- Exercise brief
Every entry below should be copied exactly, minus the pictures.

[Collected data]

####

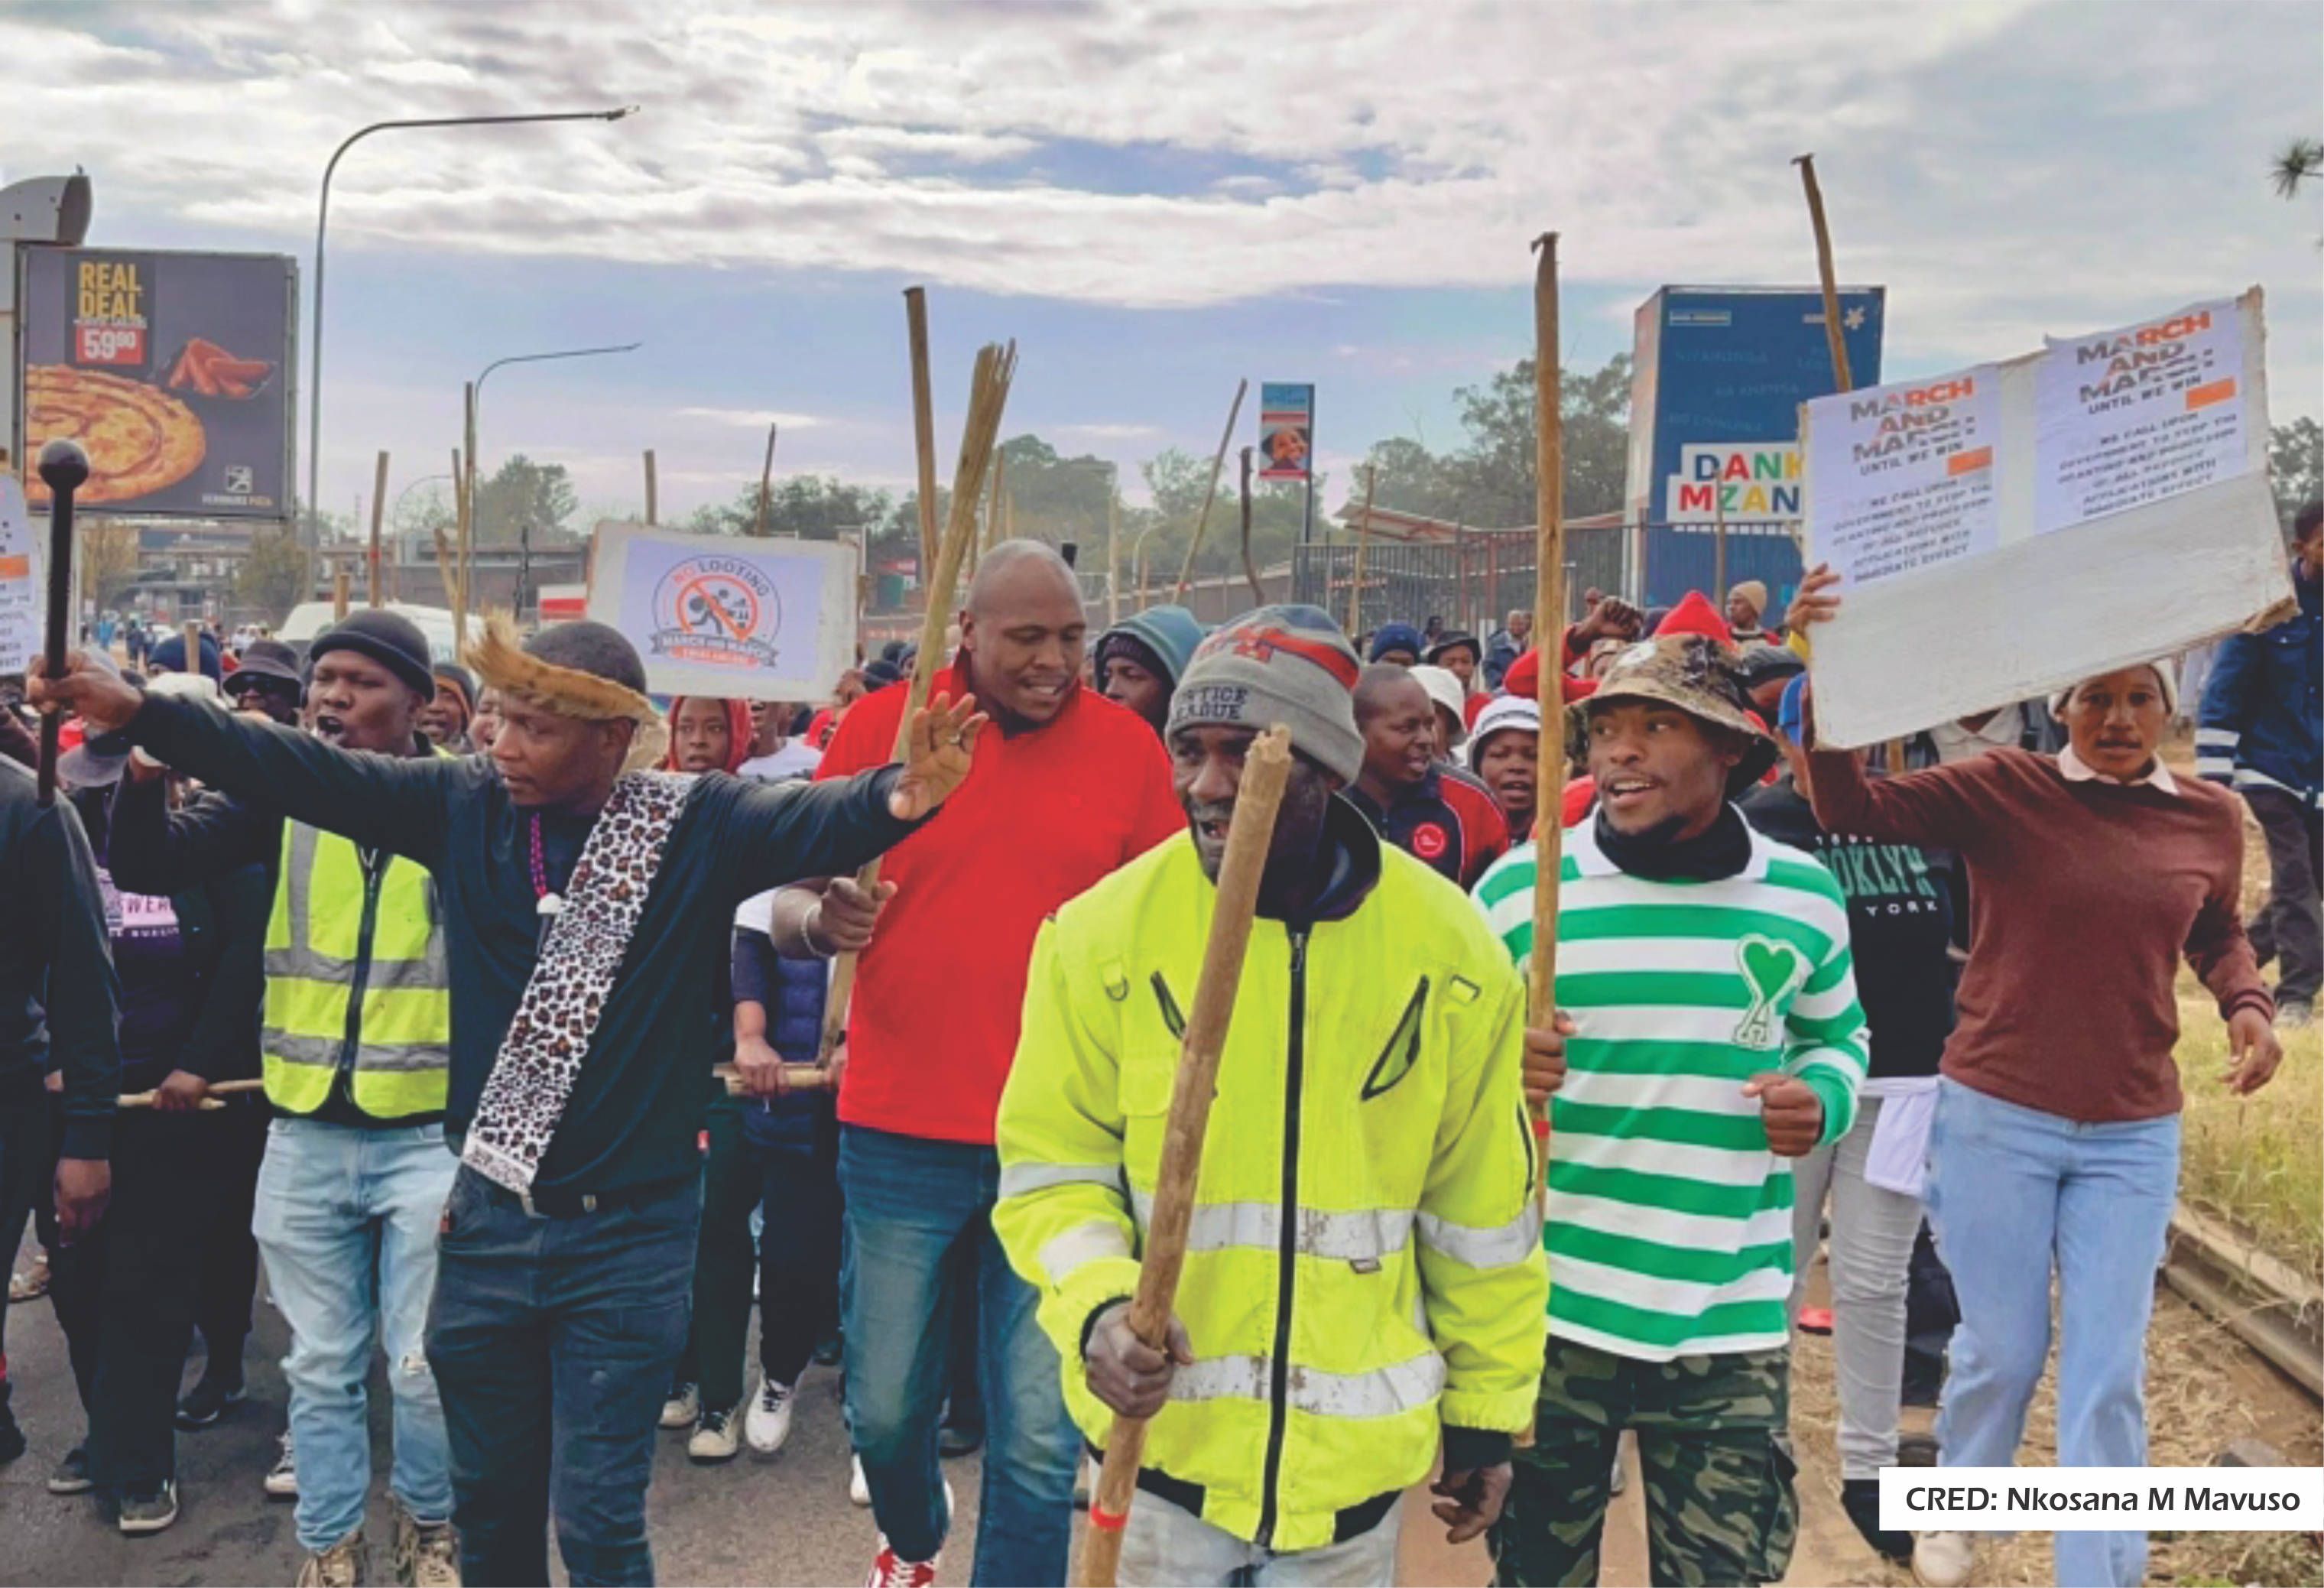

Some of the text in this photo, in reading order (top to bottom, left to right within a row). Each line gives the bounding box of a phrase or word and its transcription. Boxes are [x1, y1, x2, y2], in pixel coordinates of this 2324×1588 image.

[80, 262, 141, 291] REAL
[80, 291, 141, 317] DEAL
[2077, 310, 2212, 365] MARCH
[2107, 343, 2186, 376] AND
[1851, 375, 1973, 421] MARCH
[2088, 396, 2135, 415] UNTIL
[1879, 405, 1949, 435] AND
[1860, 457, 1902, 476] UNTIL
[1678, 484, 1800, 514] MZAN

####

- Output
Some of the text in this photo, in reading order (top to bottom, left to right within a row). Each line gives the bounding box of a phrase or word and its transcription. Boxes are [x1, y1, x2, y2], in pixel coordinates of this 2324×1588 image.

[80, 262, 141, 291] REAL
[80, 291, 141, 317] DEAL
[2077, 310, 2212, 365] MARCH
[2107, 343, 2186, 376] AND
[1851, 375, 1973, 421] MARCH
[2088, 396, 2135, 415] UNTIL
[1879, 405, 1949, 435] AND
[1860, 457, 1902, 476] UNTIL
[1678, 484, 1800, 514] MZAN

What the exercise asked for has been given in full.